Gavin McIntyre/The Post And Courier via AP
Boeing employees open the tail of a Boeing Dreamlifter on their campus in North Charleston, South Carolina, May 30, 2023.
Sections 47 and 48 of a 787 Boeing Dreamliner fuselage consist of the back four rows of the plane’s passenger seating, bathrooms, meal prep area, flight attendant seating, and rear exit doors. “Not the kind of thing you could sneak out on the back of a pickup truck,” says Rob Turkewitz, an attorney who represents the estate of John Barnett, the whistleblower who was found dead last month the morning he’d been scheduled to finish a deposition in his whistleblower lawsuit against the company. And yet around 2015, someone caused a massive hunk of this fuselage to vanish from the Material Review Segregation Area (MRSA) of the Charleston, South Carolina, 787 assembly plant, without leaving any kind of paper trail. As near as Turkewitz and his former client have been able to figure, no one ever determined what became of the thing.
MRSA was supposed to be a sanatorium of sorts for malfunctioning airplane parts. Damaged, defective, or otherwise “nonconforming” parts were sent there to be tagged, logged, and painted red, so that no one would confuse them for parts that could be installed on an aircraft. MRSA was also understood as a kind of sanatorium of defective personnel, where blacklisted quality managers like Barnett were sent as punishment, because it felt more like an inventory management job than the awe-inspiring enterprise of building an airplane.
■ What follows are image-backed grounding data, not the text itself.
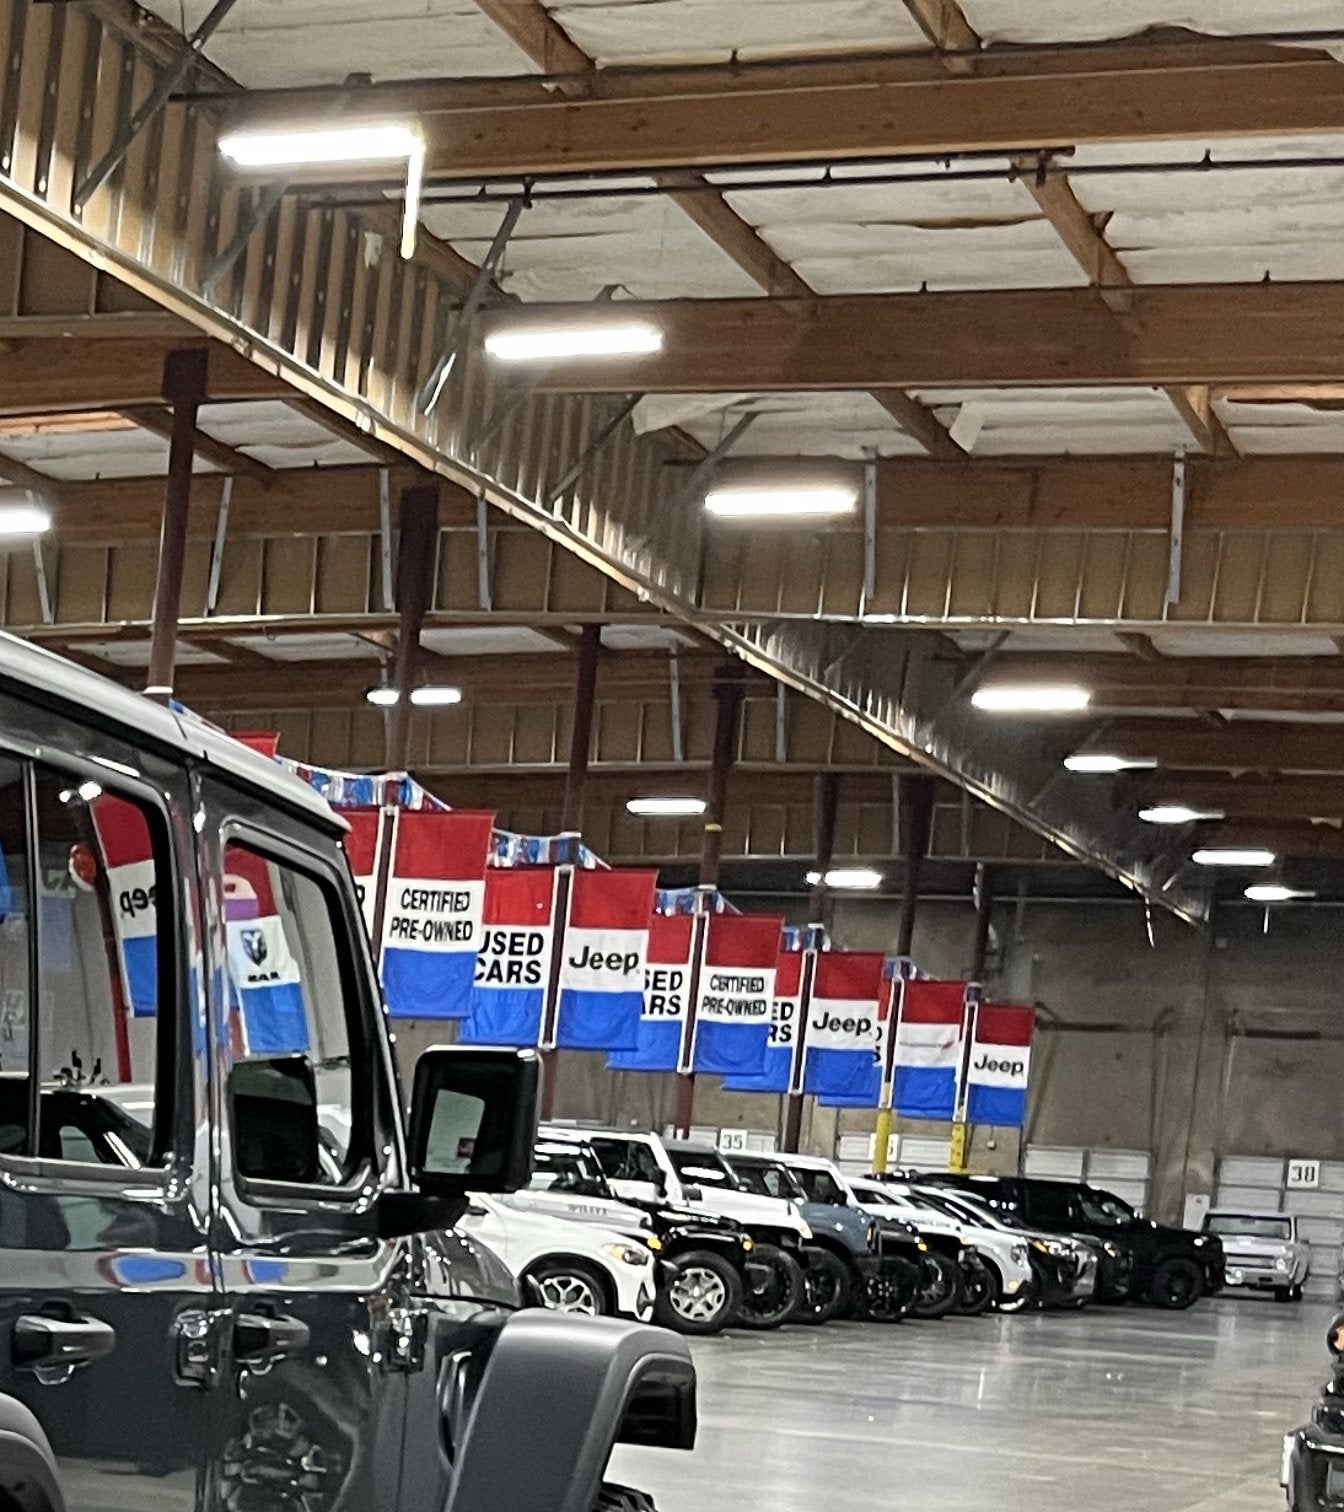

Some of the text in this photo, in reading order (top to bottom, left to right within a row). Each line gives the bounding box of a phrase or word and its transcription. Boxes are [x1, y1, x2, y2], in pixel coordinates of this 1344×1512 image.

[401, 888, 471, 912] CERTIFIED
[390, 917, 473, 941] PRE-OWNED
[569, 946, 639, 975] Jeep
[710, 974, 765, 993] CERTIFIED
[701, 996, 767, 1016] PRE-OWNED
[813, 1012, 871, 1036] Jeep
[974, 1055, 1024, 1077] Jeep
[722, 1134, 743, 1150] 35
But Barnett quickly realized that MRSA was an extremely central part of another kind of enterprise at Boeing South Carolina: the mad dash for parts to install on airplanes that managers were under pressure to get out the door as quickly as possible.
Barnett, known as “Swampy” among friends, had previously clashed with bosses who wanted him to allow mechanics to sign off on their own installation work without properly documenting the procedures in Boeing’s official Velocity system. This was not only unsafe and shortsighted, it was potentially felonious under Section 38 of the United States criminal code, which made “any materially false writing, entry, certification, document, record, data plate, label, or electronic communication concerning any aircraft or space vehicle part” a crime punishable by up to 15 years in prison if it is determined that the act compromised the safety of the airplane. Mechanics had been scheming to save time by skipping what they saw as unnecessary paperwork. “This sounds great, but we’ve got to make sure that the processes are changed to support what y’all want to do,” he said carefully, explaining that the Federal Aviation Administration needed to sign off on any procedural changes, and that as far as the agency was concerned, “the paperwork is just as important as the aircraft.” The whole room had burst out laughing.
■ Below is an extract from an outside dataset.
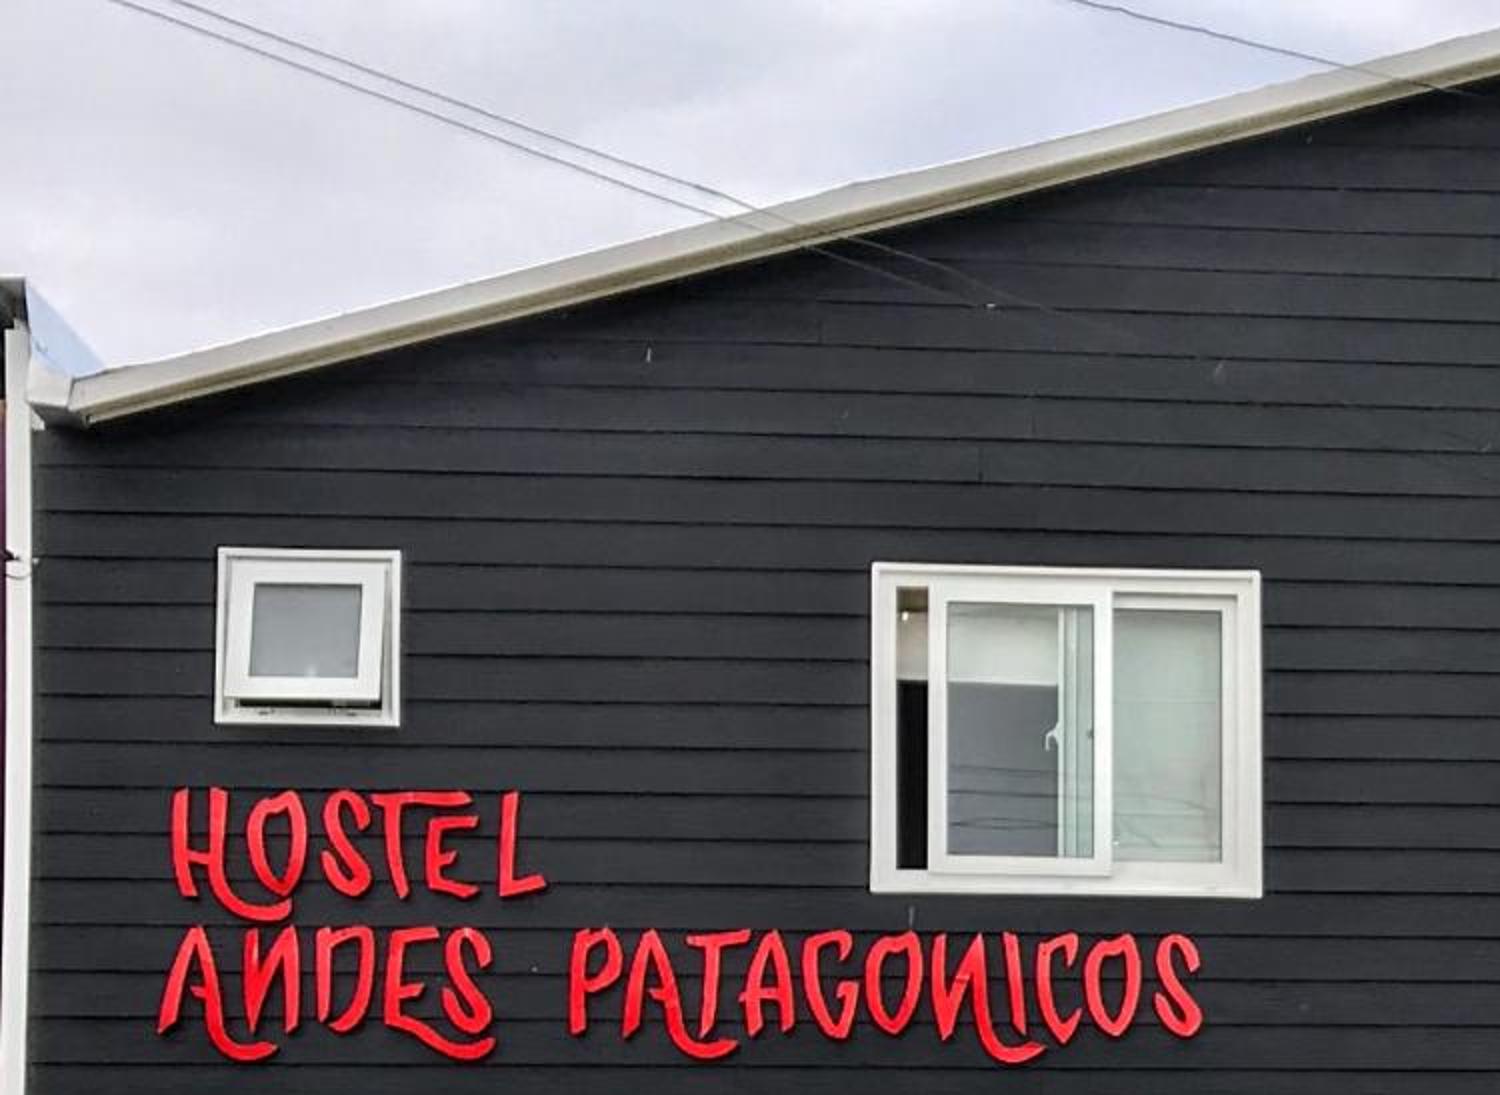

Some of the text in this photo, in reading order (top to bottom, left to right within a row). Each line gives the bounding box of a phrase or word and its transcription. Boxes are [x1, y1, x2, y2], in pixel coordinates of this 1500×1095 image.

[170, 787, 548, 922] HOSTEL
[157, 925, 1204, 1065] ANDES PATAGONICOS
Forcing employees to constantly break the law required Boeing to foster a peculiar culture. Ignorance was one of its main tenets.
Now he knew why. He asked security for an audit of how many keys it had made of the MRSA parts cage, and discovered there were hundreds of keys floating around. Every one of those mechanics’ bosses had been illegally raiding the cage for defective parts to install on new airplanes, without documentation. They then lobbied the quality bosses to pressure Barnett’s colleagues to falsify or “pencil whip” documents about the parts that had gone missing. Barnett himself had been instructed to “pencil whip” investigations on no fewer than 420 missing nonconforming parts.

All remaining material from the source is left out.